Segment Start: ENTRIES SHOWN
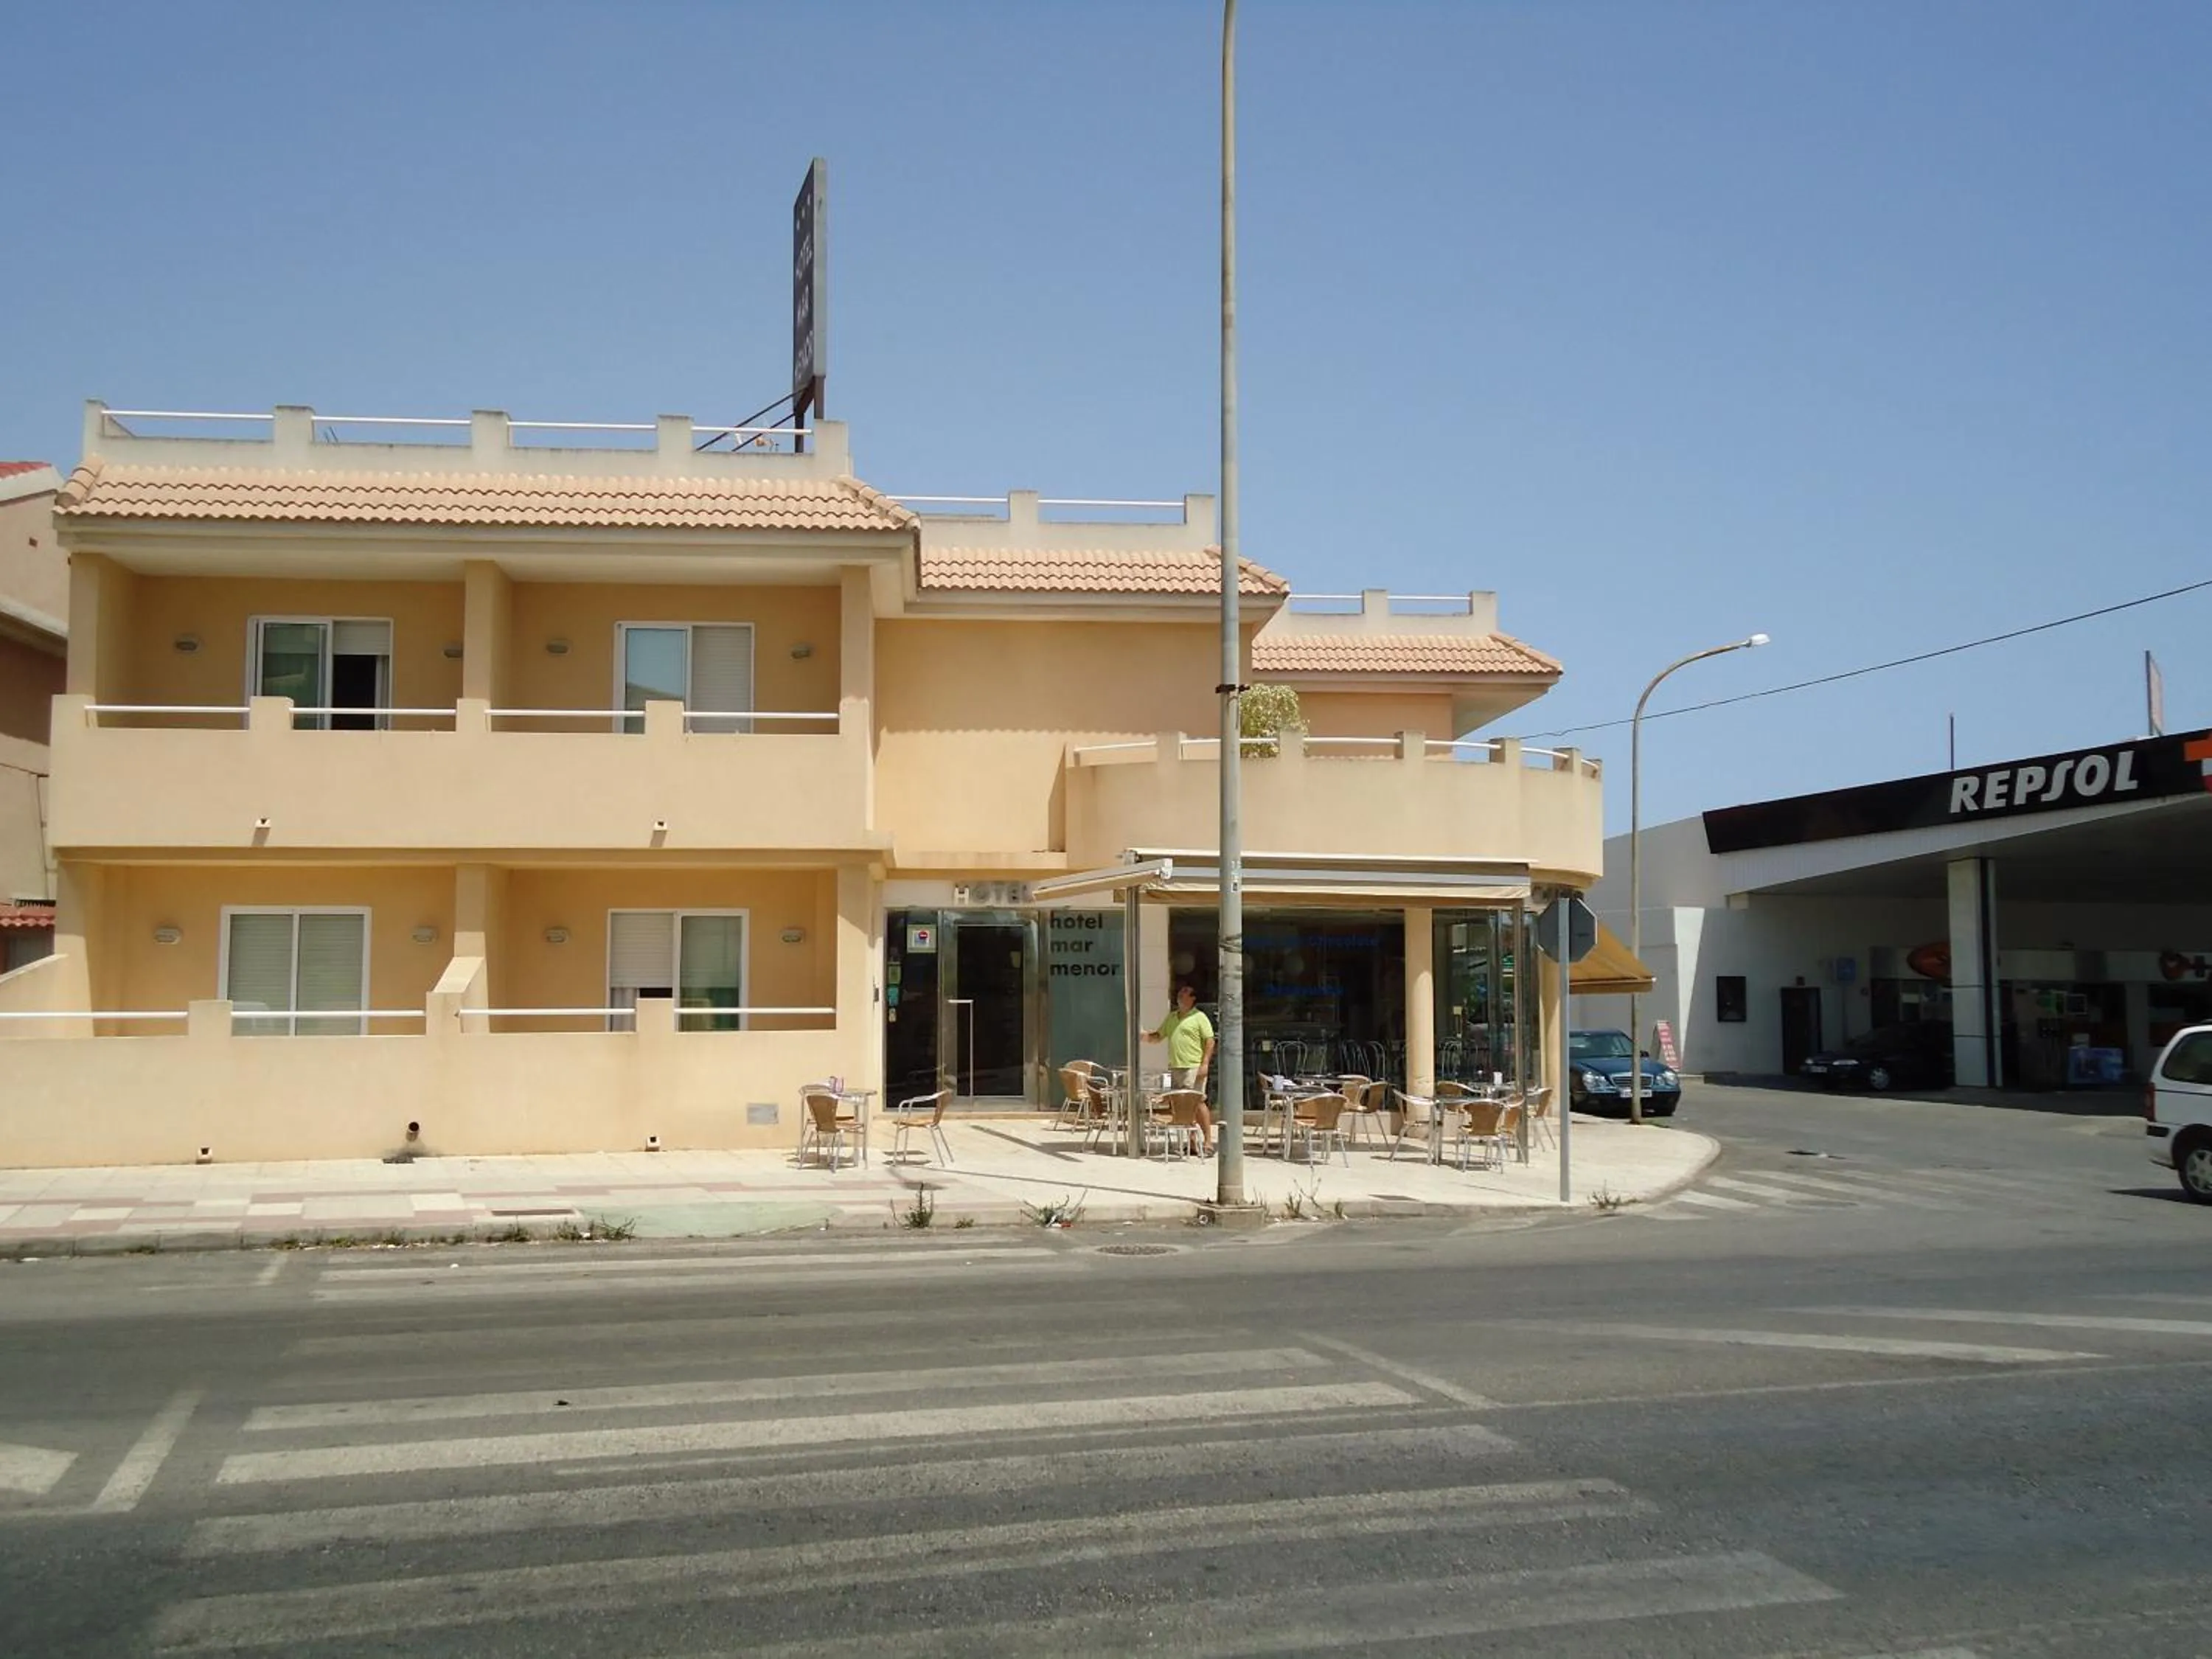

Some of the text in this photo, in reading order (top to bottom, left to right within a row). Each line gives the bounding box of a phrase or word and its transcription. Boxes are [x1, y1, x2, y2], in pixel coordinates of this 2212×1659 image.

[1950, 750, 2138, 813] REPSOL
[1050, 911, 1102, 929] hotel
[1050, 941, 1093, 953] mar
[1050, 964, 1120, 976] menor
Segment End: ENTRIES SHOWN
→ WHAT IS REQUIRED:
Return each line of the material exactly as written; exclude the pictures.

→ SOLUTION:
Some of the text in this photo, in reading order (top to bottom, left to right within a row). Each line gives the bounding box of a phrase or word and its transcription. Boxes are [x1, y1, x2, y2], in pixel coordinates of this 2212×1659 image.

[1950, 750, 2138, 813] REPSOL
[1050, 911, 1102, 929] hotel
[1050, 941, 1093, 953] mar
[1050, 964, 1120, 976] menor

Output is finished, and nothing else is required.